*Given entries*
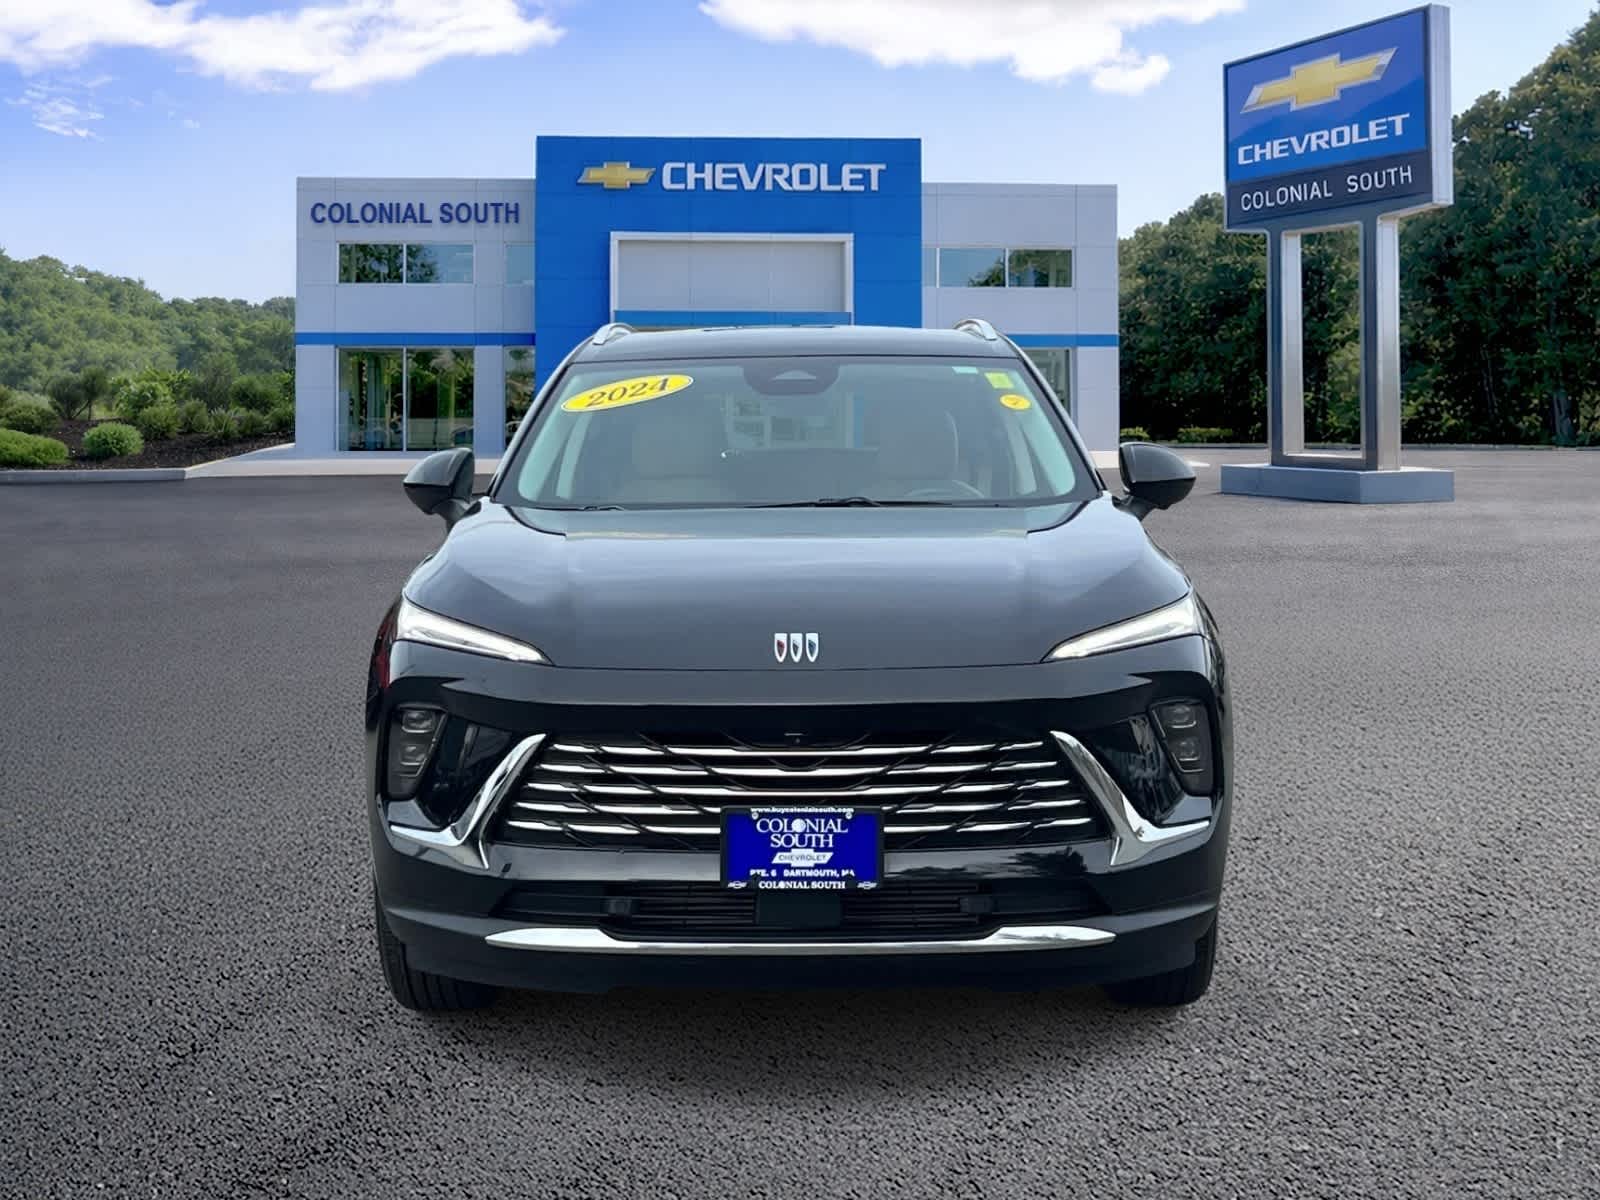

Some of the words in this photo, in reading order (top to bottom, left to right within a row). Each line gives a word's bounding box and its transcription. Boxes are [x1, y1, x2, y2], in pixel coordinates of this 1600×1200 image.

[1238, 113, 1410, 165] CHEVROLET
[661, 162, 886, 193] CHEVROLET
[1240, 181, 1333, 212] COLONIAL
[1346, 165, 1413, 194] SOUTH
[310, 202, 432, 224] COLONIAL
[439, 202, 520, 224] SOUTH
[585, 378, 669, 407] 2024
[756, 818, 848, 833] COLONIAL
[770, 833, 834, 848] SOUTH
[783, 869, 840, 877] DARTMOUTH,
[758, 880, 809, 889] COLONIAL
[811, 881, 846, 889] SOUTH
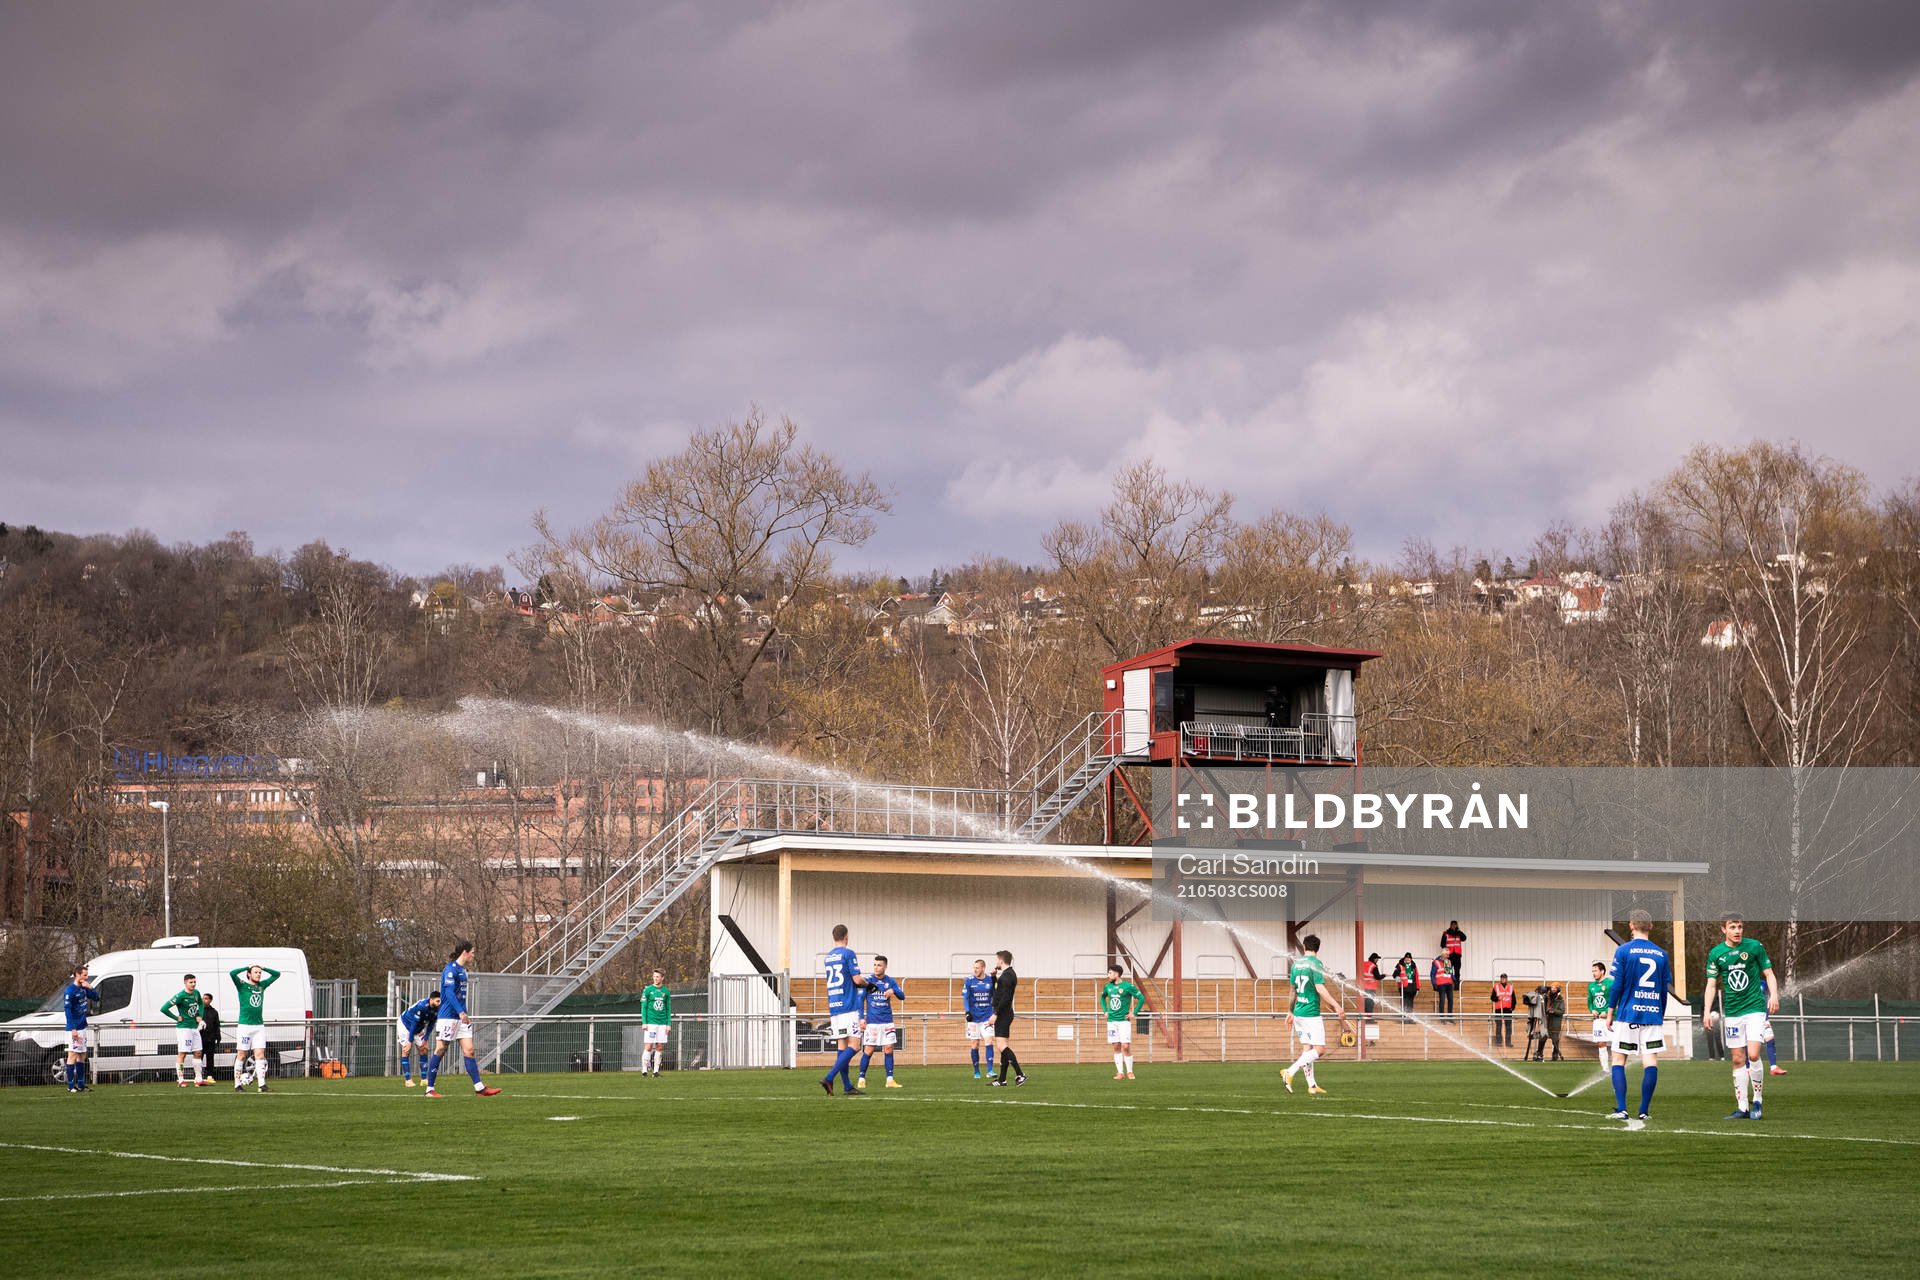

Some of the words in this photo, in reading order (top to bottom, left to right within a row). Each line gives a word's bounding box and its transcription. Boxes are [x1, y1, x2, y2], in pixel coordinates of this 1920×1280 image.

[142, 751, 278, 778] Husqvarn
[825, 964, 844, 989] 23
[1294, 975, 1309, 994] 17
[1638, 957, 1657, 988] 2
[1634, 990, 1660, 1000] BJÖRKÉN
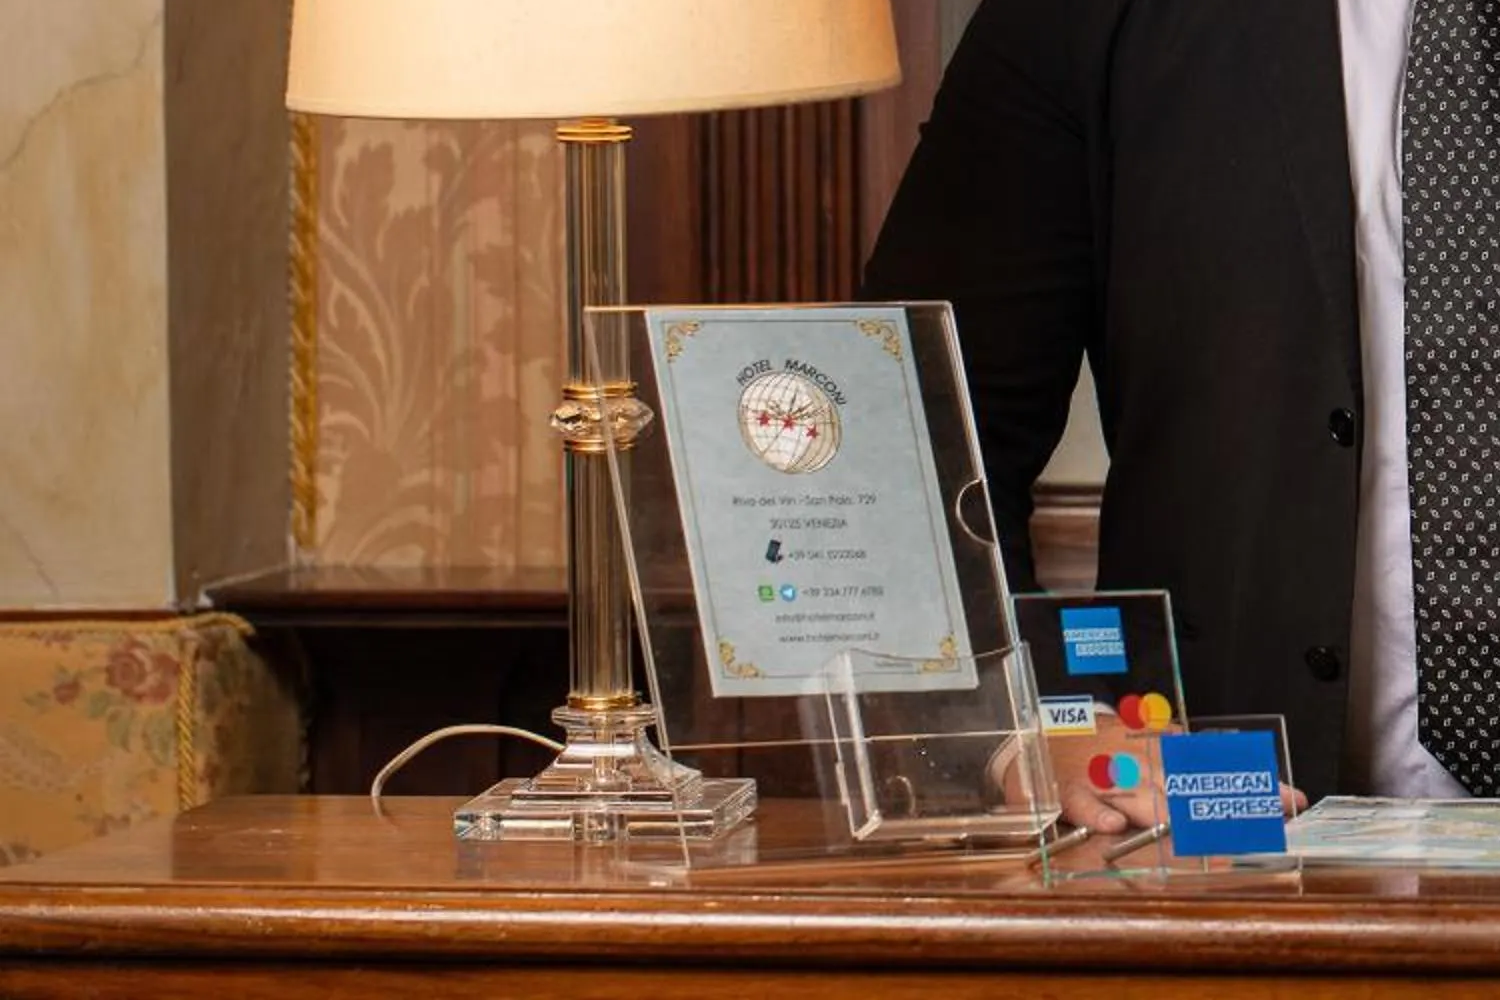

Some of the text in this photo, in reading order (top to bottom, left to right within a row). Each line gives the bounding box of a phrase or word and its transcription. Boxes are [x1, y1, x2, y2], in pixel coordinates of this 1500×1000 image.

*Problem to solve*
Set down the whole listing word for word, omitting the pictures.

*Exercise output*
Some of the words in this photo, in reading order (top to bottom, left to right within a row). Each line gives a word's bounding box and its transcription. Boxes are [x1, y1, x2, y2], in pixel coordinates of this 1600×1200 image.

[1238, 113, 1410, 165] CHEVROLET
[661, 162, 886, 193] CHEVROLET
[1240, 181, 1333, 212] COLONIAL
[1346, 165, 1413, 194] SOUTH
[310, 202, 432, 224] COLONIAL
[439, 202, 520, 224] SOUTH
[585, 378, 669, 407] 2024
[756, 818, 848, 833] COLONIAL
[770, 833, 834, 848] SOUTH
[783, 869, 840, 877] DARTMOUTH,
[758, 880, 809, 889] COLONIAL
[811, 881, 846, 889] SOUTH

Some of the words in this photo, in reading order (top to bottom, left to right within a row). Each line gives a word's bounding box and its transcription. Boxes are [x1, y1, x2, y2], in pixel coordinates of this 1920×1280 image.

[142, 751, 278, 778] Husqvarn
[825, 964, 844, 989] 23
[1294, 975, 1309, 994] 17
[1638, 957, 1657, 988] 2
[1634, 990, 1660, 1000] BJÖRKÉN

Some of the text in this photo, in reading order (top to bottom, left to right within a row). Each line gives the bounding box of a phrase or word and its transcription. Boxes are [x1, y1, x2, y2], in pixel coordinates of this 1500×1000 image.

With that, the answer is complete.